Scientific research in the field of cardiology

In addition to their clinical tasks, some of the cardiologists employed at the cardiology clinic participate in research work. There are no full-time research positions, but it is possible to engage in full-time research over a period of a few months on a research grant. Some of our project leaders are not employed by the Division of Cardiology but have full-time positions elsewhere. In researcher-based projects, research grants are awarded to specific researchers, while research on pharmaceuticals and instruments is funded by the relevant companies. External funding is required to employ other research personnel, including research nurses. Medical students perform projects for their advanced studies and doctoral theses as part of the ongoing research projects.
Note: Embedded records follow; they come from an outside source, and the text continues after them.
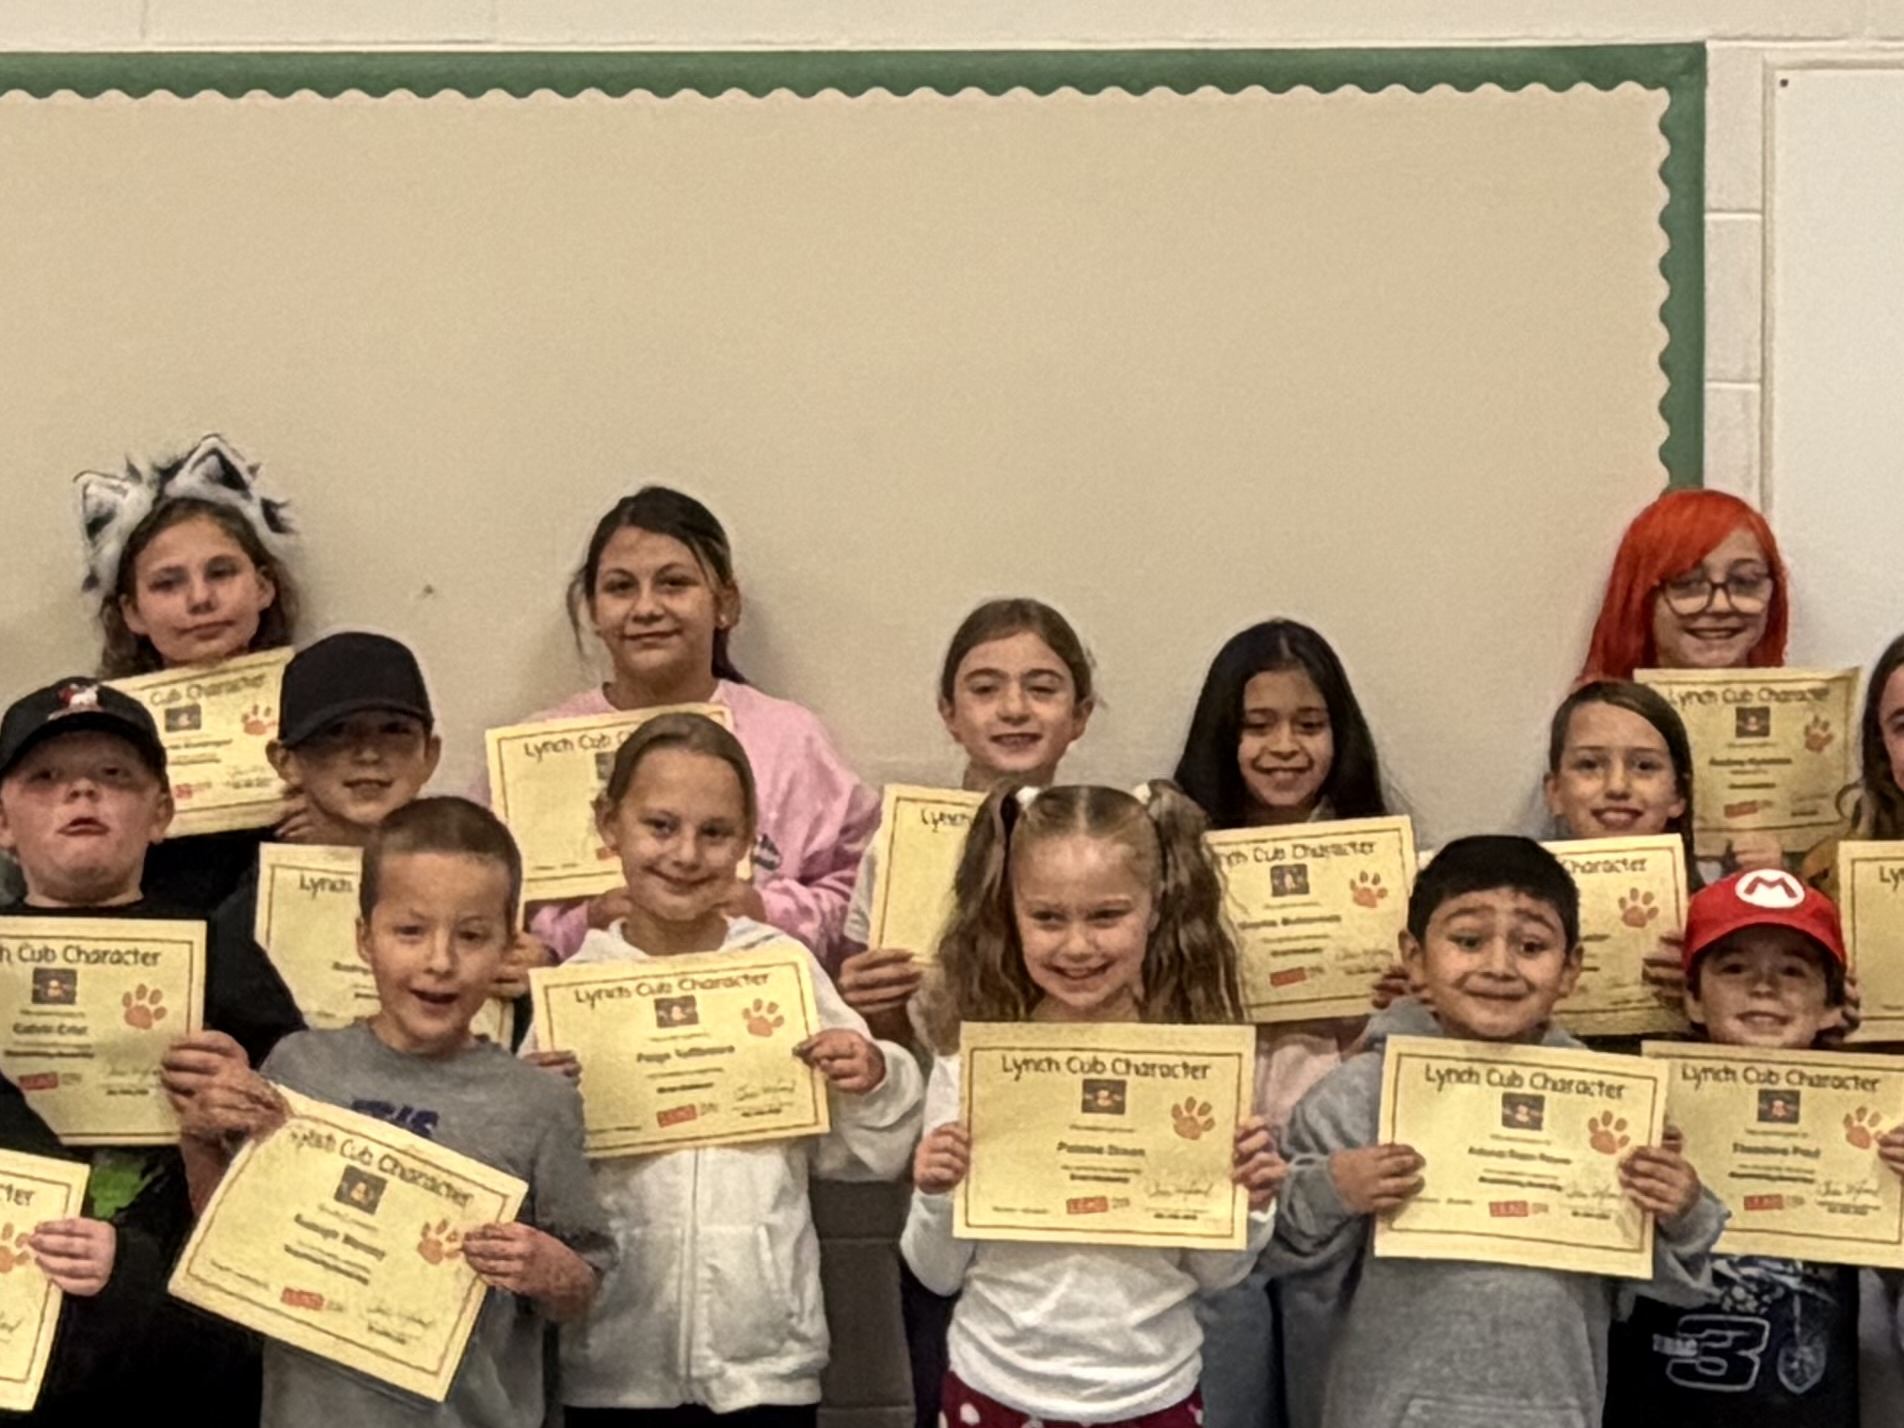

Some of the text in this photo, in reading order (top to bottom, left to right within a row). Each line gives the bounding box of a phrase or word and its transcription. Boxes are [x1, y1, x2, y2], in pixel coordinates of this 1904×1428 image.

[578, 732, 611, 750] Cub
[1744, 876, 1798, 899] M
[17, 943, 57, 963] Cub
[636, 982, 672, 997] Cub
[1066, 1056, 1106, 1074] Cub
[1486, 1068, 1524, 1089] Cub
[1743, 1066, 1780, 1085] Cub
Research is carried out in close cooperation with several other research communities and facilities. Diplomas in nursing science are also completed at the Division of Cardiology.

In 2012, Professor Pekka Karma, the former Chief Medical Officer at HUCH, published a report on scientific research carried out in HUS and its impact on the treatment of patients. According to the report, the majority of scientific research in the HUS area is carried out at HUCH. In addition to documents and statistics, information was also gathered through extensive surveys with the researchers and care providers. One of the conclusions was that research carried out in HUS greatly affects the level of care. Over 85% of the research groups working in the HUS area have generated new knowledge which has influenced clinical practice within the hospital district, and often research results have been implemented in a wider area.

According to Professor Karma, the benefits of research work are two-fold: patients benefit from the observations and innovations in the form of improved patient care and from the additional personal expertise and knowledge gained by the physicians who engage in scientific research. Research results have influenced treatment practices not only nationally but also internationally. In the working groups preparing Current Care Guidelines, 94.1% had HUS researchers as members and one in three working groups had the chair from HUS. Furthermore, nearly all Current Care Guidelines are based on scientific evidence also produced in HUS. Experts from HUS participated in nearly 80% of the working groups preparing recommendations for the implementation of health care measures (HALO project), and 60% of the HUS researchers who completed the survey reported that their research results have been cited in international textbooks and manuals.

In international evaluations, research carried out in HUS has been successful. The research community comprising HUCH and the University of Helsinki’s Faculty of Medicine is rated one of the top five European research communities on clinical medicine. According to the report, patients in HUS hospitals have benefited from novel treatments more than expected.